--- Data section Enclosed Below ---
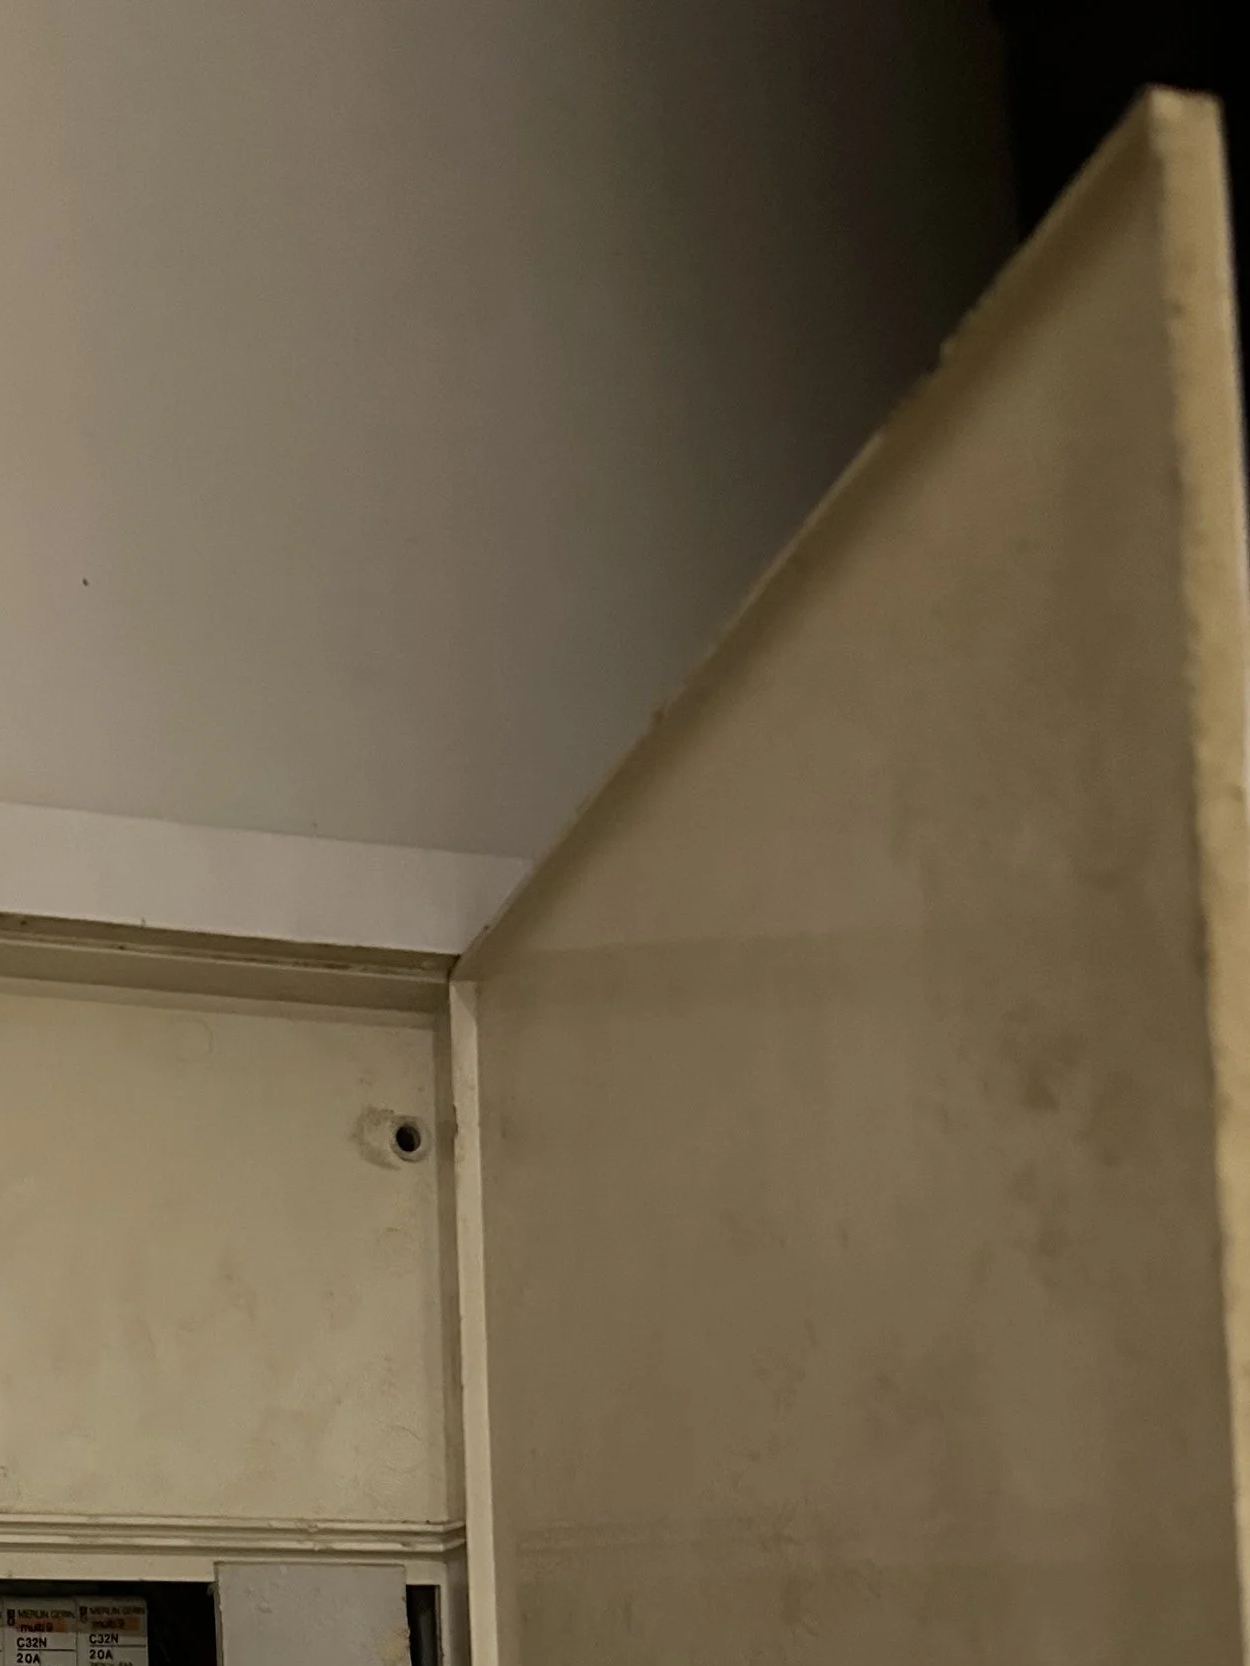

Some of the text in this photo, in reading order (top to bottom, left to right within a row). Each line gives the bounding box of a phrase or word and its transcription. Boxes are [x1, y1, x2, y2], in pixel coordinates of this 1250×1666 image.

[16, 1637, 47, 1648] C32N
[89, 1633, 119, 1644] C32N
[16, 1653, 41, 1664] 20A
[89, 1649, 114, 1661] 20A
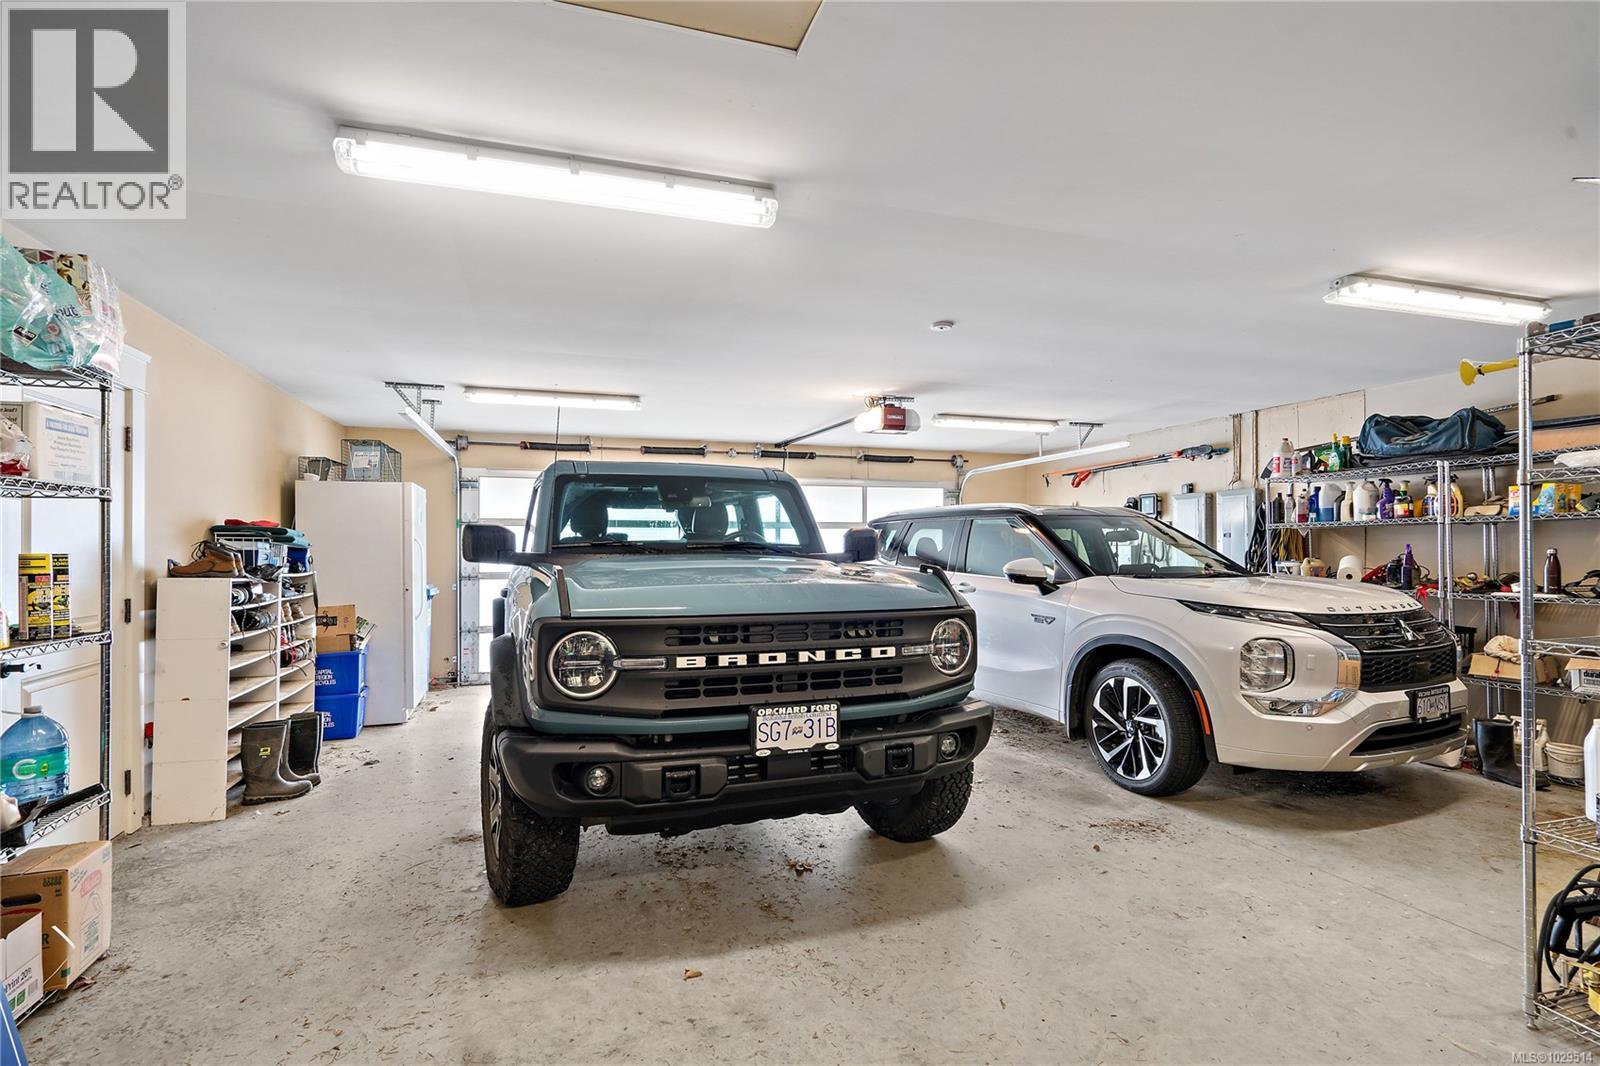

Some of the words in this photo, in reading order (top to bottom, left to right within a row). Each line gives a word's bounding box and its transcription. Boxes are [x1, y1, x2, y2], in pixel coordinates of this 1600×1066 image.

[676, 646, 895, 668] BRONCO
[757, 705, 808, 717] ORCHARD
[810, 703, 838, 712] FORD
[758, 719, 792, 743] SG7
[803, 716, 836, 739] 31B
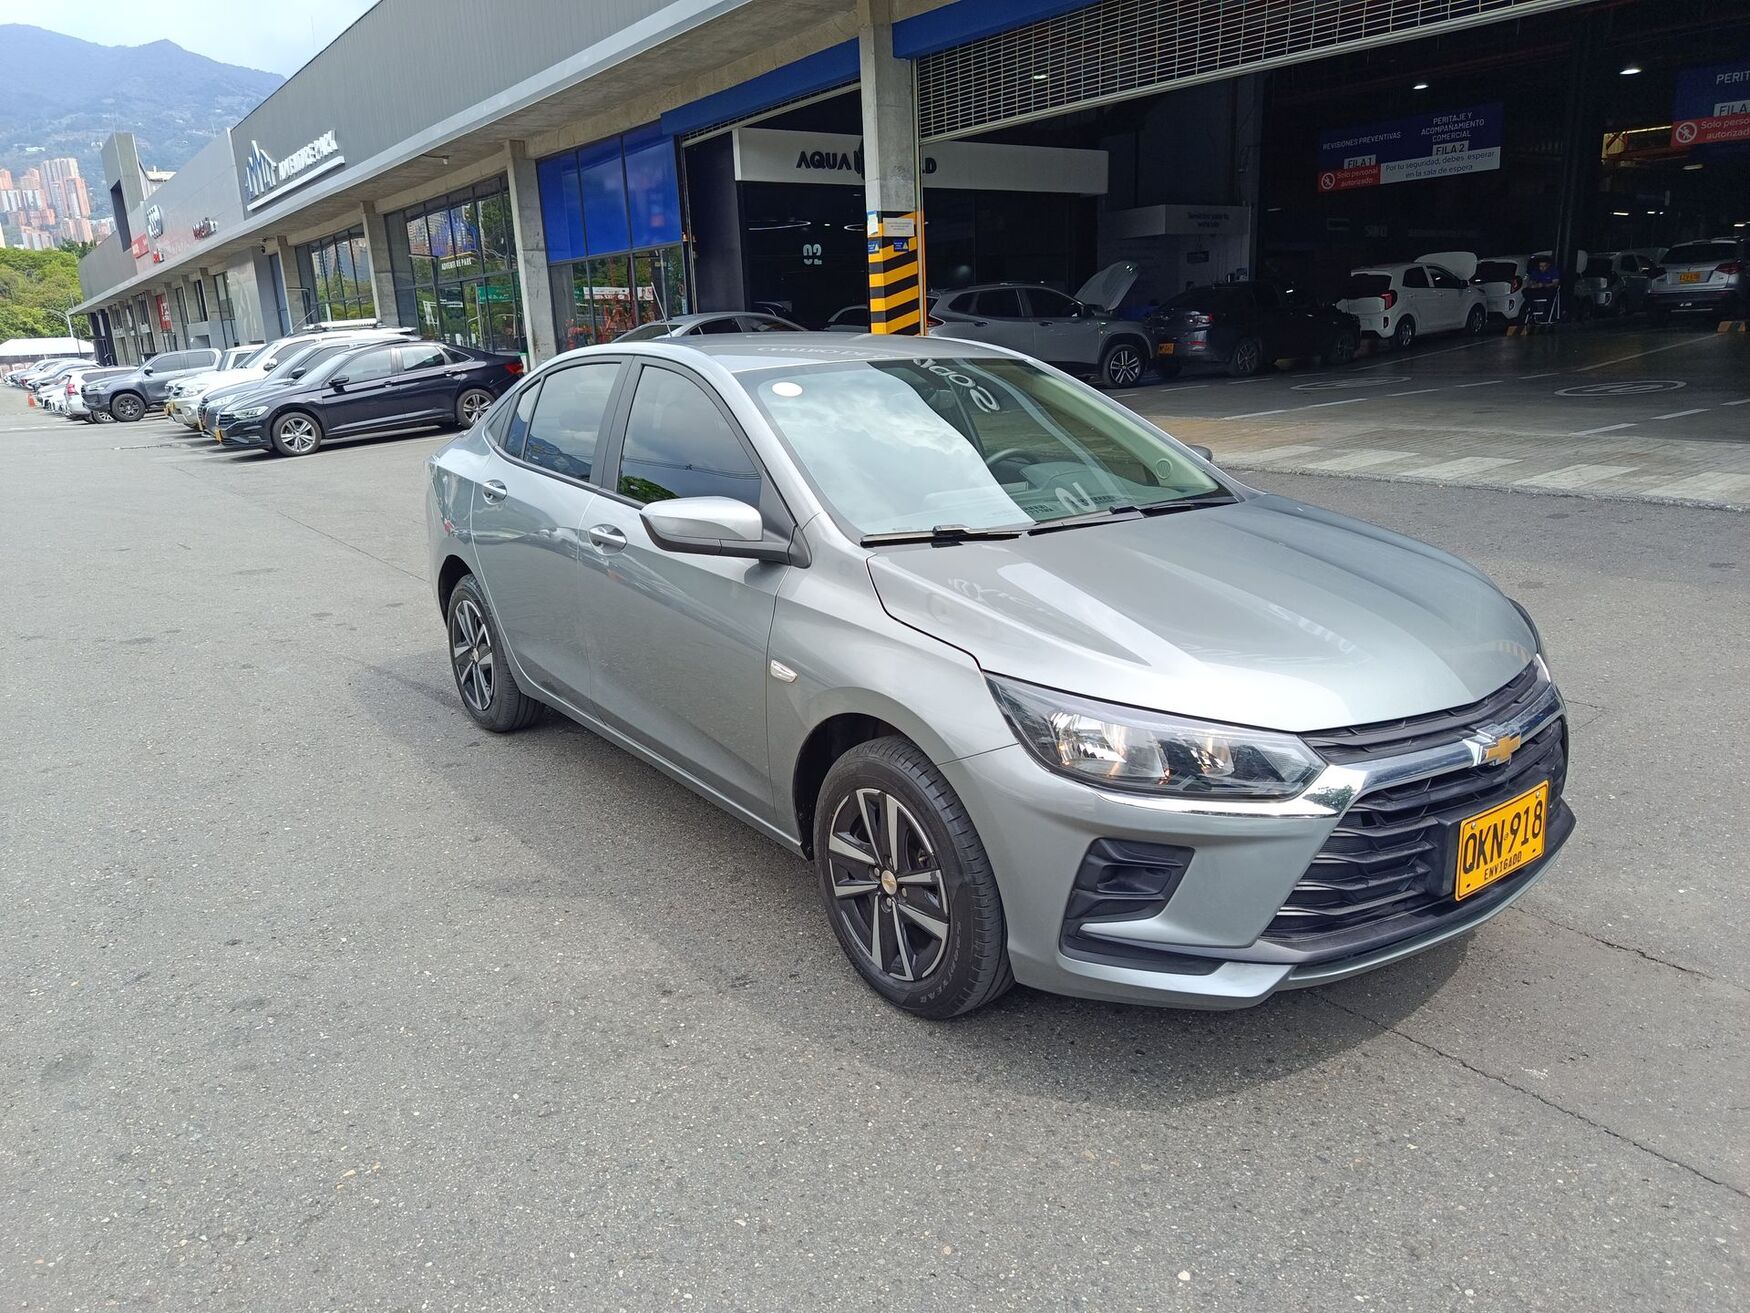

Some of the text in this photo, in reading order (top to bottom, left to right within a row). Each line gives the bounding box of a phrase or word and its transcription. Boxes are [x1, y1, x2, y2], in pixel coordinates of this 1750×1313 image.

[1359, 131, 1402, 145] PREVENTIVAS
[1432, 130, 1472, 143] COMERCIAL
[1435, 143, 1465, 156] FILA 2
[796, 150, 851, 171] AQUA
[1348, 158, 1367, 168] FILA
[1467, 151, 1495, 163] esperar
[1422, 167, 1437, 177] sala
[1437, 165, 1448, 175] de
[1448, 164, 1473, 175] espera
[1484, 851, 1522, 881] ENVIGADO
--- End of Enclosed Data section ---
| Brief |
Print all the entries again exactly as written, but without the pictures.

| Exercise answer |
Some of the text in this photo, in reading order (top to bottom, left to right within a row). Each line gives the bounding box of a phrase or word and its transcription. Boxes are [x1, y1, x2, y2], in pixel coordinates of this 1250×1666 image.

[16, 1637, 47, 1648] C32N
[89, 1633, 119, 1644] C32N
[16, 1653, 41, 1664] 20A
[89, 1649, 114, 1661] 20A

Some of the words in this photo, in reading order (top to bottom, left to right within a row). Each line gives a word's bounding box and its transcription. Boxes are [x1, y1, x2, y2], in pixel coordinates of this 1600×1066 image.

[676, 646, 895, 668] BRONCO
[757, 705, 808, 717] ORCHARD
[810, 703, 838, 712] FORD
[758, 719, 792, 743] SG7
[803, 716, 836, 739] 31B

Some of the text in this photo, in reading order (top to bottom, left to right within a row). Each line gives the bounding box of a phrase or word and its transcription. Boxes are [x1, y1, x2, y2], in pixel coordinates of this 1750×1313 image.

[1359, 131, 1402, 145] PREVENTIVAS
[1432, 130, 1472, 143] COMERCIAL
[1435, 143, 1465, 156] FILA 2
[796, 150, 851, 171] AQUA
[1348, 158, 1367, 168] FILA
[1467, 151, 1495, 163] esperar
[1422, 167, 1437, 177] sala
[1437, 165, 1448, 175] de
[1448, 164, 1473, 175] espera
[1484, 851, 1522, 881] ENVIGADO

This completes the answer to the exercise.